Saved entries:

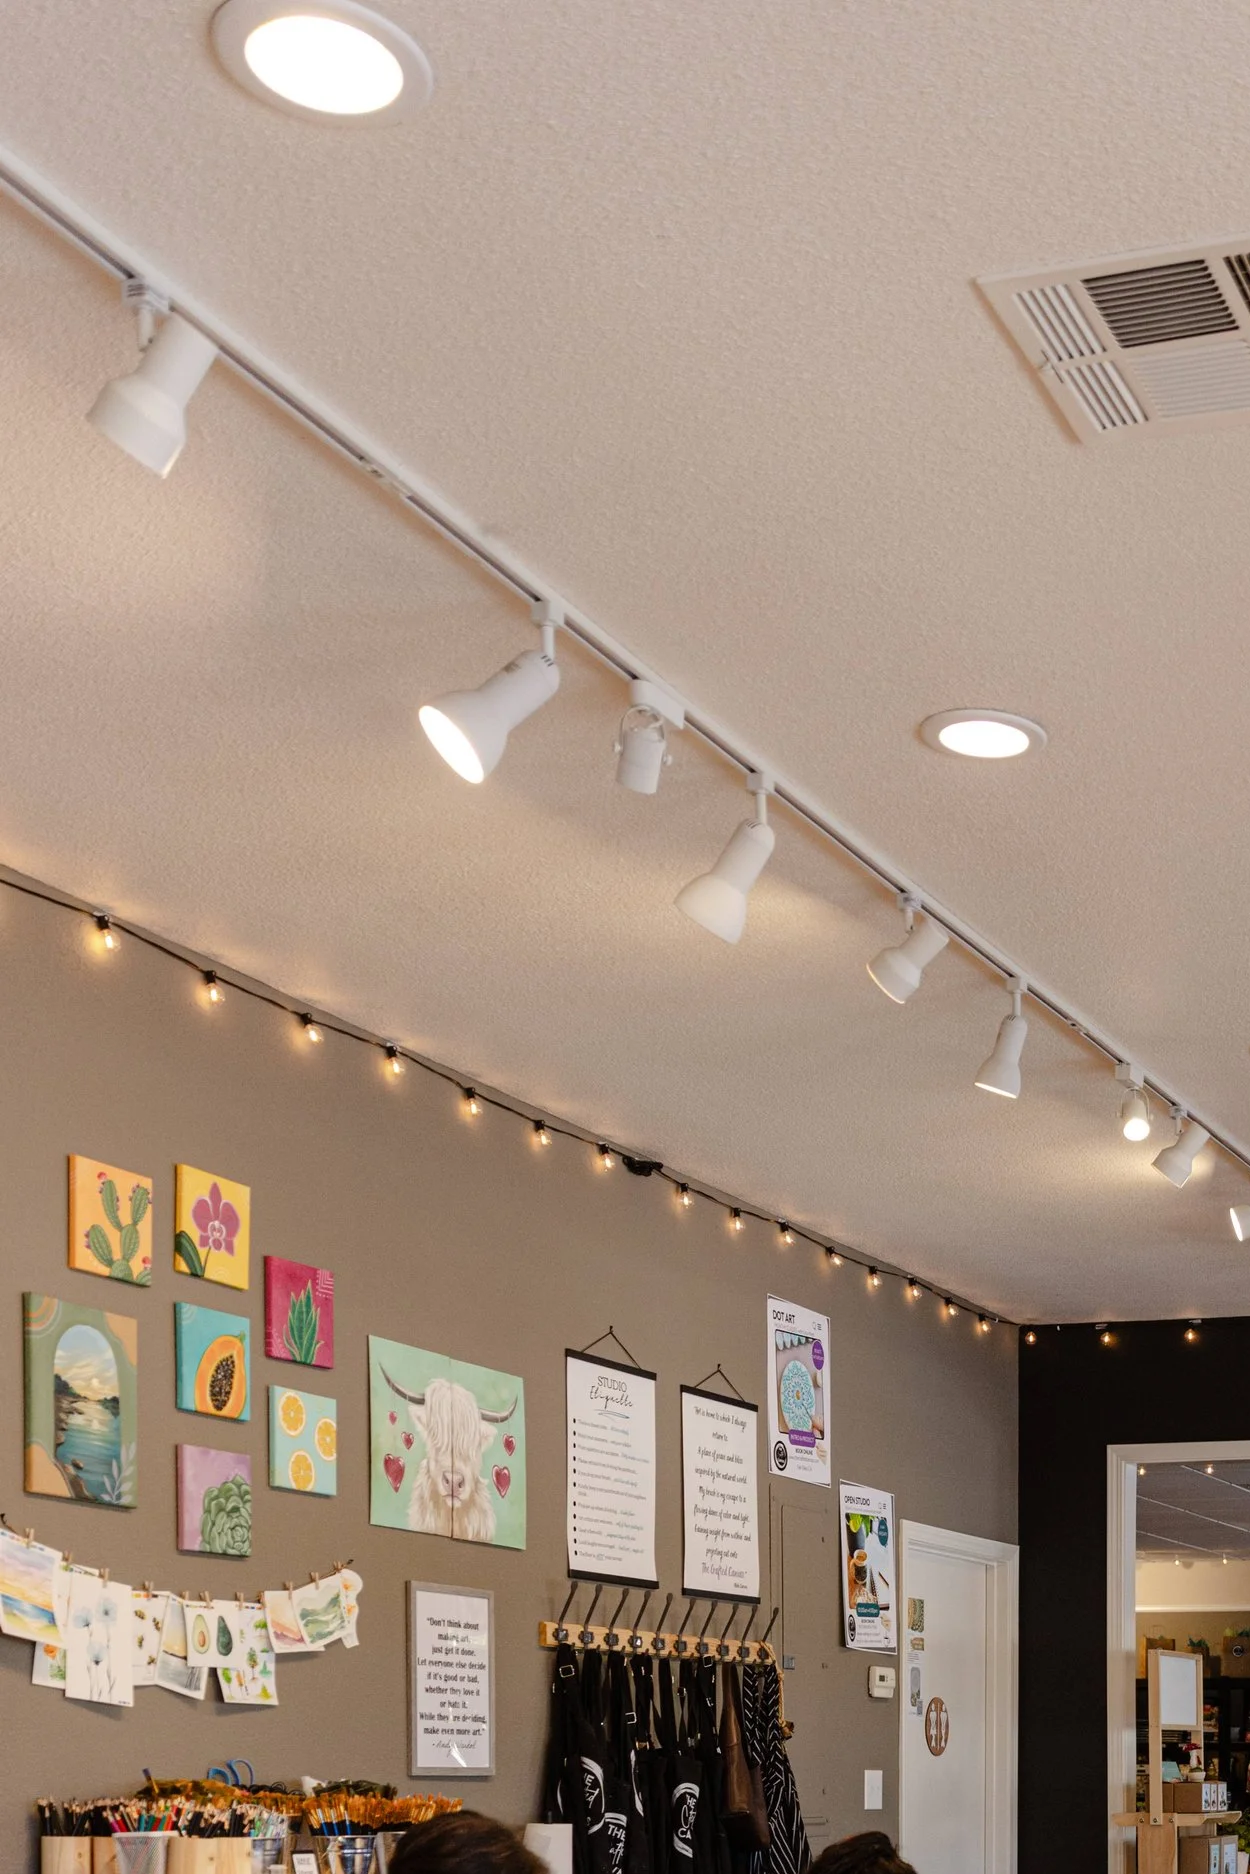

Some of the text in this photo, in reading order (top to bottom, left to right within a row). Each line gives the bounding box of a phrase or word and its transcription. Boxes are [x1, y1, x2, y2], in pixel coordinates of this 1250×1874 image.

[772, 1309, 795, 1324] DOT ART
[597, 1375, 628, 1393] STUDIO
[706, 1409, 716, 1419] home
[720, 1413, 731, 1423] which
[735, 1416, 747, 1433] always
[701, 1447, 712, 1459] place
[711, 1450, 716, 1462] of
[726, 1453, 734, 1463] and
[710, 1469, 716, 1484] by
[721, 1472, 736, 1482] natural
[844, 1495, 870, 1506] OPEN STUDIO
[732, 1512, 740, 1521] and
[743, 1533, 752, 1542] and
[701, 1562, 710, 1574] The
[710, 1563, 728, 1580] Crafted
[426, 1616, 479, 1631] "Don't think about
[437, 1633, 460, 1643] making
[432, 1645, 476, 1657] just get it done.
[417, 1657, 486, 1670] Let everyone else decide
[427, 1671, 432, 1680] if
[432, 1672, 443, 1681] it's
[444, 1673, 458, 1682] good
[425, 1686, 448, 1695] whether
[450, 1686, 461, 1696] they
[463, 1688, 474, 1696] love
[419, 1711, 436, 1721] While
[437, 1713, 449, 1724] they
[423, 1726, 440, 1735] make
[441, 1728, 455, 1736] even
[456, 1728, 471, 1736] more
[607, 1824, 626, 1841] THE
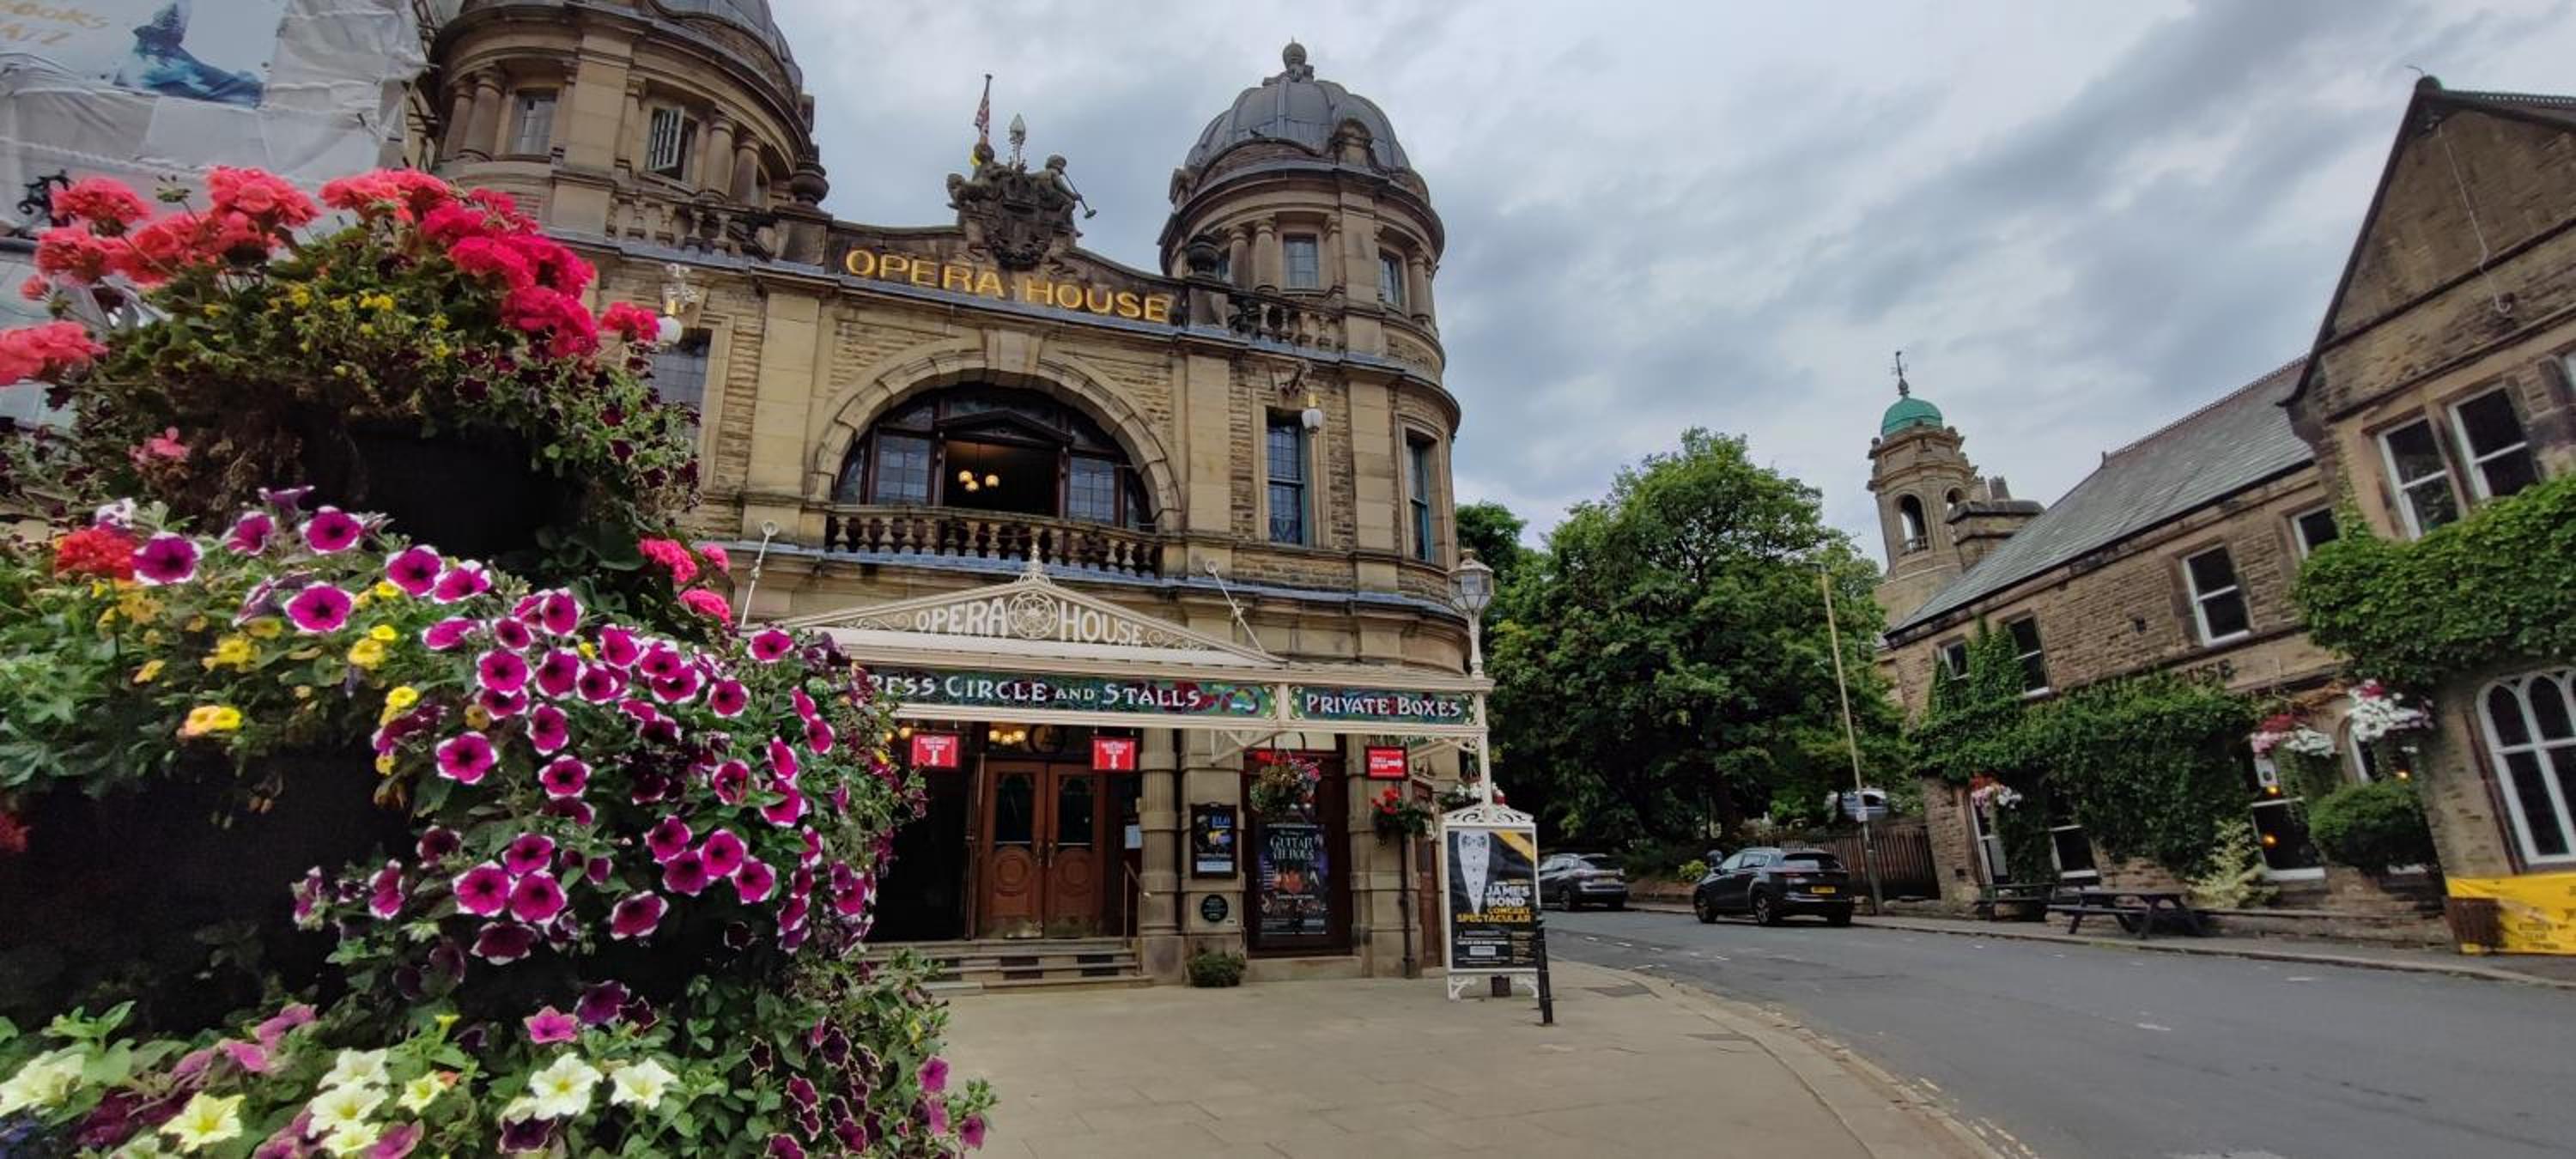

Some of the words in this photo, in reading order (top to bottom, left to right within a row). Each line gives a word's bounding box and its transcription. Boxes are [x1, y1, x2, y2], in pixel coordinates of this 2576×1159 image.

[846, 248, 1005, 299] OPERA
[1025, 279, 1170, 322] HOUSE
[915, 598, 1008, 637] OPERA
[1060, 600, 1143, 645] HOUSE
[945, 676, 1047, 701] CIRCLE
[1054, 687, 1095, 701] AND
[1101, 683, 1201, 707] STALLS
[1306, 694, 1390, 714] PRIVATE
[1397, 695, 1461, 717] BOXES
[1485, 885, 1530, 897] JAMES
[1486, 897, 1525, 907] BOND
[1456, 913, 1531, 923] SPECTACULAR
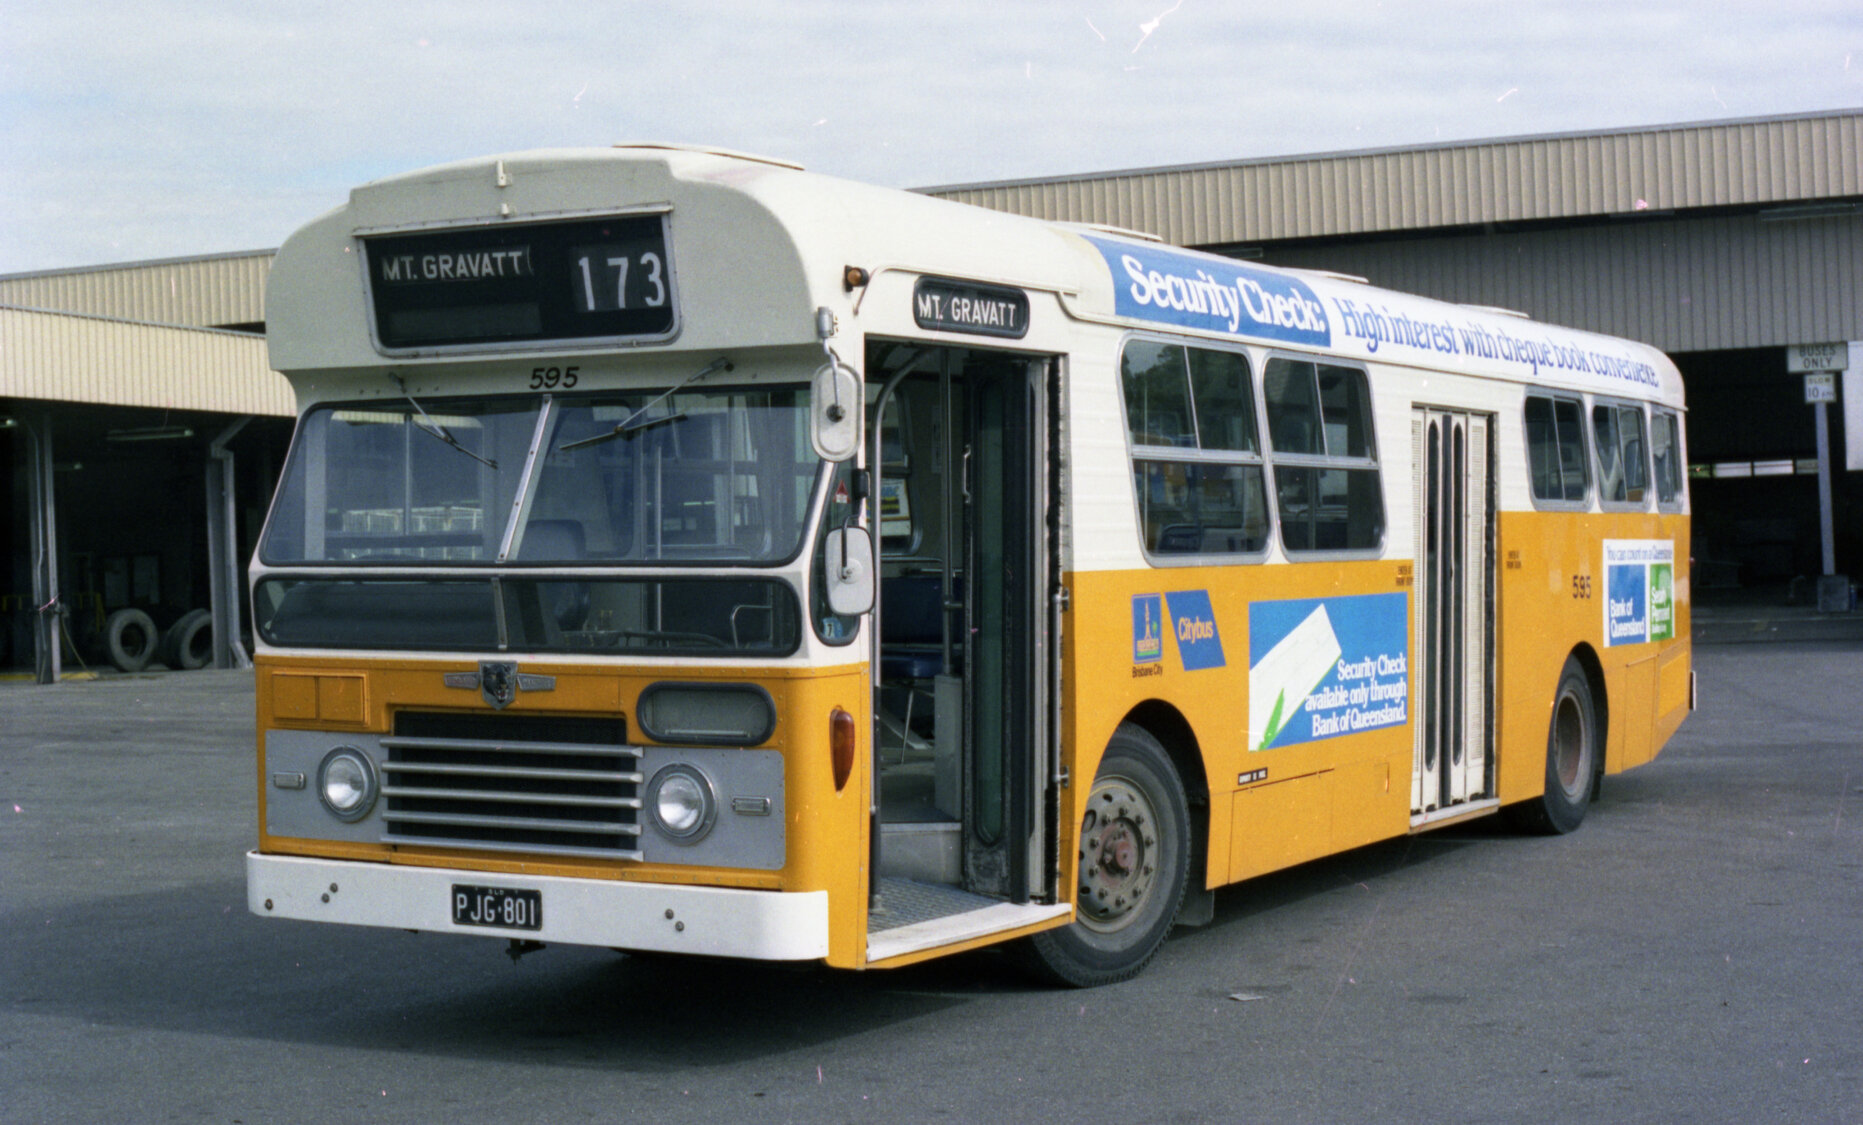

Task item:
Output the data above without changes, apart from leaving out the pictures.

Finished exercise:
Some of the text in this photo, in reading order (top to bottom, left to right within a row). Each line gives the bounding box of a phrase or word and its transcription. Boxes are [x1, y1, x2, y2], in pixel coordinates of this 1250×1874 image.

[772, 1309, 795, 1324] DOT ART
[597, 1375, 628, 1393] STUDIO
[706, 1409, 716, 1419] home
[720, 1413, 731, 1423] which
[735, 1416, 747, 1433] always
[701, 1447, 712, 1459] place
[711, 1450, 716, 1462] of
[726, 1453, 734, 1463] and
[710, 1469, 716, 1484] by
[721, 1472, 736, 1482] natural
[844, 1495, 870, 1506] OPEN STUDIO
[732, 1512, 740, 1521] and
[743, 1533, 752, 1542] and
[701, 1562, 710, 1574] The
[710, 1563, 728, 1580] Crafted
[426, 1616, 479, 1631] "Don't think about
[437, 1633, 460, 1643] making
[432, 1645, 476, 1657] just get it done.
[417, 1657, 486, 1670] Let everyone else decide
[427, 1671, 432, 1680] if
[432, 1672, 443, 1681] it's
[444, 1673, 458, 1682] good
[425, 1686, 448, 1695] whether
[450, 1686, 461, 1696] they
[463, 1688, 474, 1696] love
[419, 1711, 436, 1721] While
[437, 1713, 449, 1724] they
[423, 1726, 440, 1735] make
[441, 1728, 455, 1736] even
[456, 1728, 471, 1736] more
[607, 1824, 626, 1841] THE

Some of the words in this photo, in reading order (top to bottom, left to right within a row). Each line gives a word's bounding box and its transcription. Boxes are [x1, y1, x2, y2], in pixel coordinates of this 2576×1159 image.

[846, 248, 1005, 299] OPERA
[1025, 279, 1170, 322] HOUSE
[915, 598, 1008, 637] OPERA
[1060, 600, 1143, 645] HOUSE
[945, 676, 1047, 701] CIRCLE
[1054, 687, 1095, 701] AND
[1101, 683, 1201, 707] STALLS
[1306, 694, 1390, 714] PRIVATE
[1397, 695, 1461, 717] BOXES
[1485, 885, 1530, 897] JAMES
[1486, 897, 1525, 907] BOND
[1456, 913, 1531, 923] SPECTACULAR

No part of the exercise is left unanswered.